Unnamed: 0,text,label,category,cleaned,num_words
0,we are living in scary times in canada. gov’t ...,0,unreliable,living scary time canada gov refuse protect ca...,9
1,"just as bad in canada. in fact, our government...",0,unreliable,bad canada fact government accusing us racism ...,10
2,it was only a matter of time before the mainst...,0,unreliable,matter time mainstream medium decided blame co...,10
3,russia's taking no chances: foreigners infecte...,0,unreliable,russia taking chance foreigner infected new ch...,13
4,although there is now a presumptive confirmed ...,0,unreliable,although presumptive confirmed case wuhan nove...,11


In [4]:
df.label.value_counts()

0    280
1    277
Name: label, dtype: int64

In [5]:
df.category.value_counts()

unreliable    280
true          277
Name: category, dtype: int64

#### count of (non distinct) words in each category

In [6]:
bow_true = []
for word in df[df.category == 'true'].cleaned.str.split().to_list():
    bow_true += word


In [7]:
bow_unreliable = []
for word in df[df.category == 'unreliable'].cleaned.str.split().to_list():
    bow_unreliable += word

In [8]:
len(bow_true)

2829

In [9]:
len(bow_unreliable)

3294

In [10]:
len(set(bow_true))

1089

In [11]:
len(set(bow_unreliable))

1583

In [12]:
words = bow_true + bow_unreliable

In [13]:
texts =  [(tweet, cat) for tweet, cat in zip(df.cleaned.to_list(), df.category.to_list())]

In [14]:
tweets, cats = (zip(*texts))

## Word Embeddings

In [15]:
testing_words = set(words)

In [16]:
we_cbow = pickle.load(open('../data/we_cbow_training_unshared.pickle', 'rb'))
we_sg = pickle.load(open('../data/we_sg_training_unshared.pickle', 'rb'))

In [17]:
training_words = pickle.load(open('../data/training_words_set.pickle', 'rb'))

In [18]:
len([word for word in testing_words if word not in training_words])

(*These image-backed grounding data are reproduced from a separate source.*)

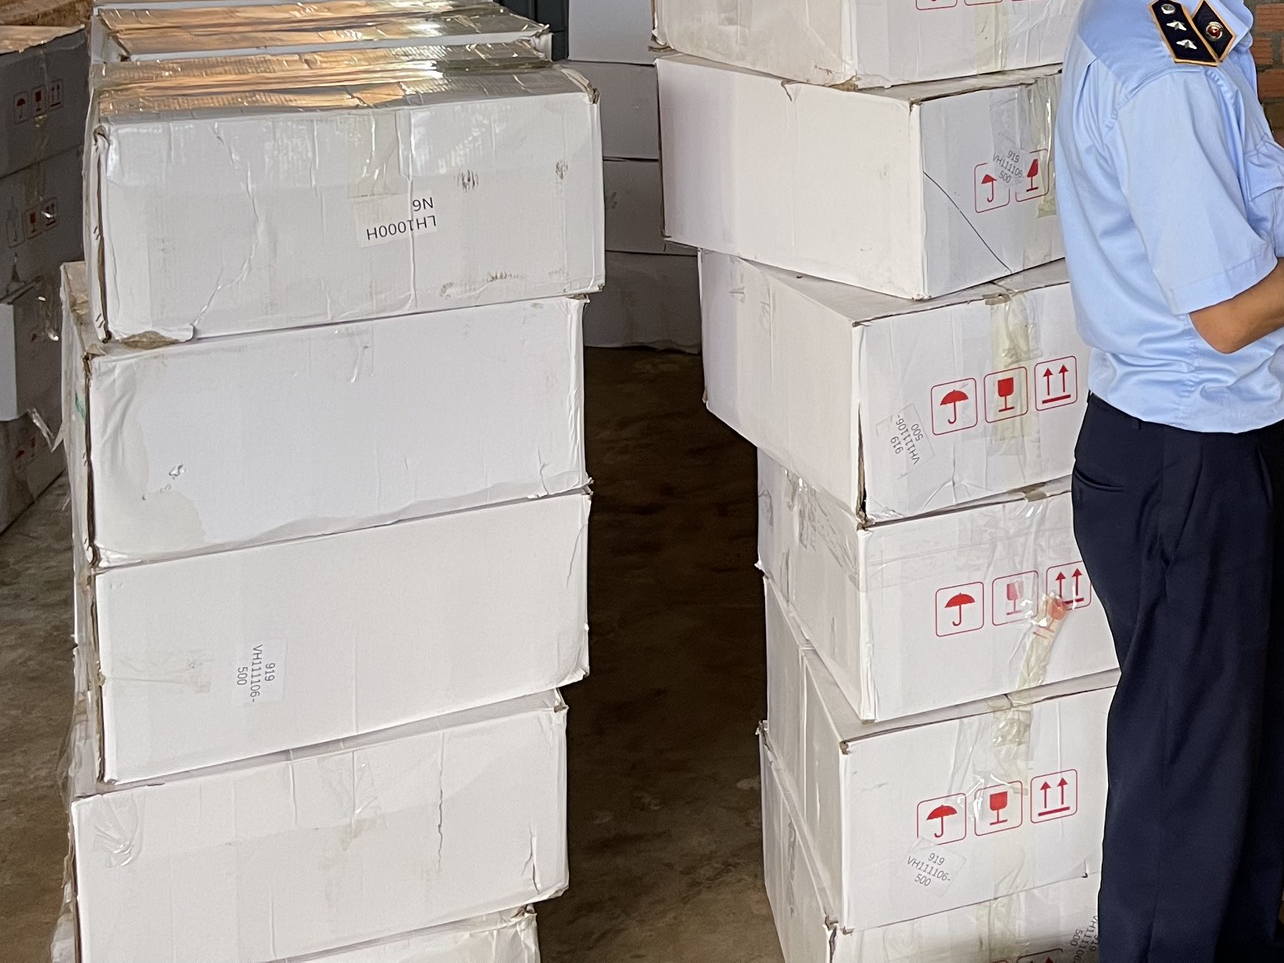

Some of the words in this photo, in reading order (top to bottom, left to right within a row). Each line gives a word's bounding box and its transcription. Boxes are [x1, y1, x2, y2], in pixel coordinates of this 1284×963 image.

[412, 197, 434, 212] N6
[366, 215, 437, 240] LH1000H
[910, 423, 924, 442] 500
[890, 436, 904, 454] 919
[236, 666, 249, 686] 500
[264, 662, 276, 682] 919
[928, 852, 945, 866] 919
[914, 873, 932, 887] 500
[1069, 928, 1084, 947] 500
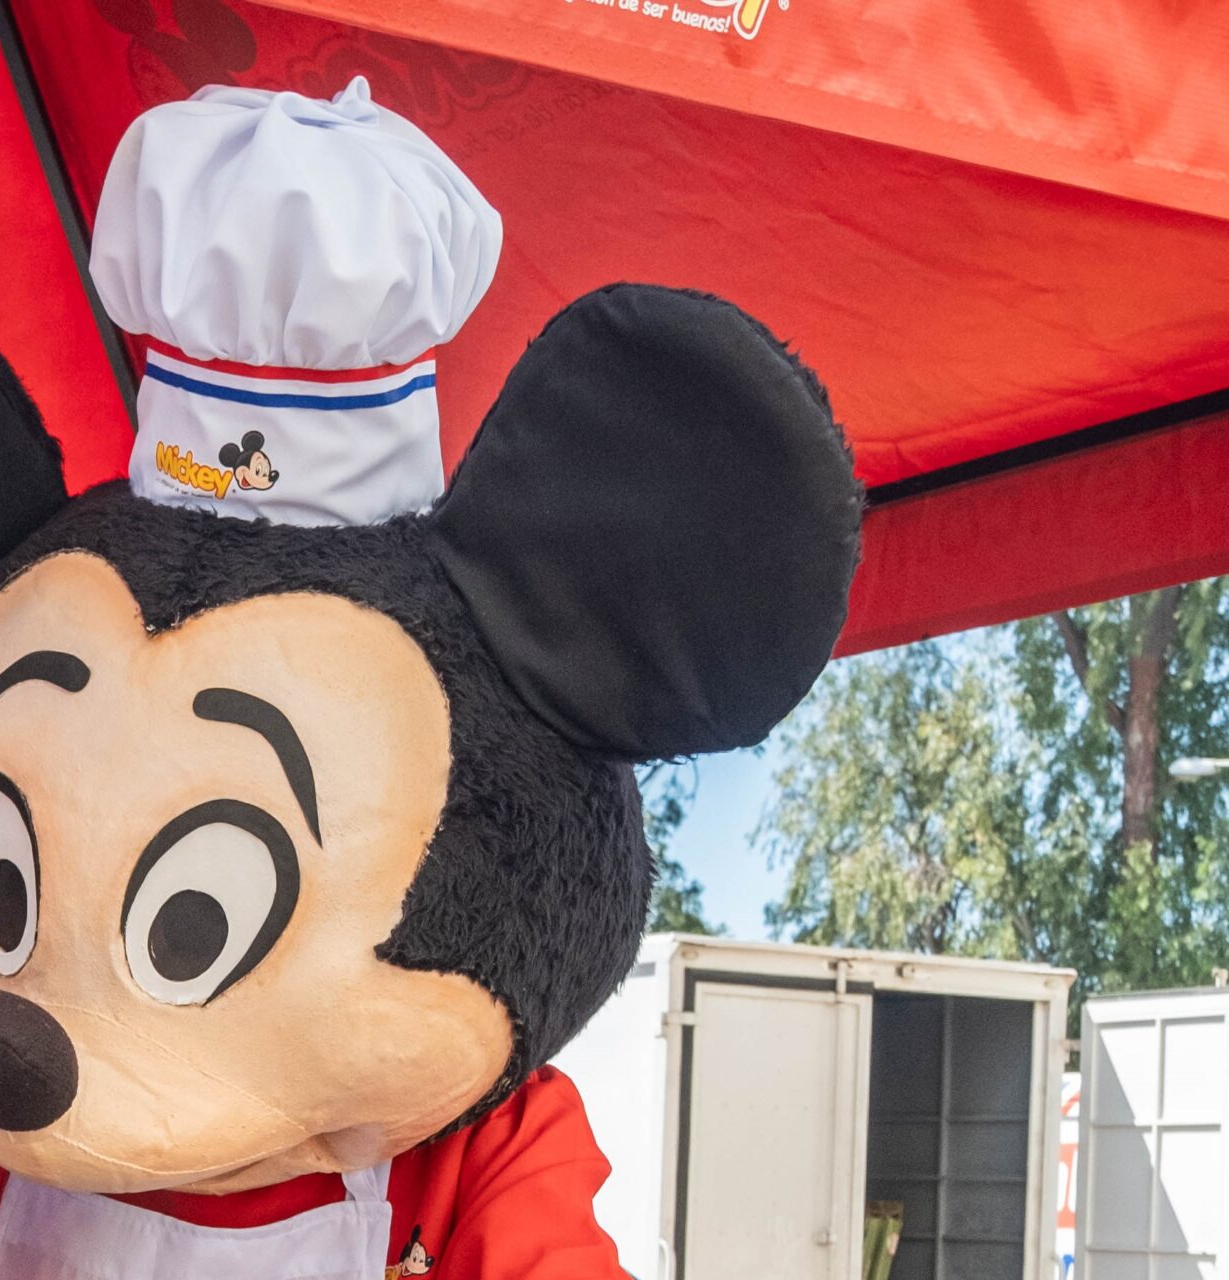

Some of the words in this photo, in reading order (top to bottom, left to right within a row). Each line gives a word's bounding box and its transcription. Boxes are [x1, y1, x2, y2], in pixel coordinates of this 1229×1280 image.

[642, 4, 669, 19] ser
[671, 8, 731, 33] buenos!
[156, 441, 233, 500] Mickey

# this might create a significant issue

596

In [19]:
def meaner(word_embedding, tweets, training_words):
    # excludes words that are not in the training words
    tweet_embedding = {}
    for i, tweet in enumerate(tweets):
        tweet_embedding[tweet] = np.mean(np.array([word_embedding[word] for word in tweets[i].split() if word in training_words]), axis=0)
    return tweet_embedding

In [20]:
te_cbow = meaner(we_cbow, tweets, training_words)
te_sg = meaner(we_sg, tweets, training_words)

In [21]:
len(te_cbow), len(te_sg)

(557, 557)

In [22]:
te_cbow_df = pd.DataFrame(te_cbow).T.reset_index().rename(columns={'index':'tweet'})
te_cbow_df['category'] = cats
te_cbow_df['label'] = te_cbow_df.category.map({'unreliable':0, 'true':1})
te_cbow_df = te_cbow_df.sample(frac=1, random_state=42).reset_index(drop=True)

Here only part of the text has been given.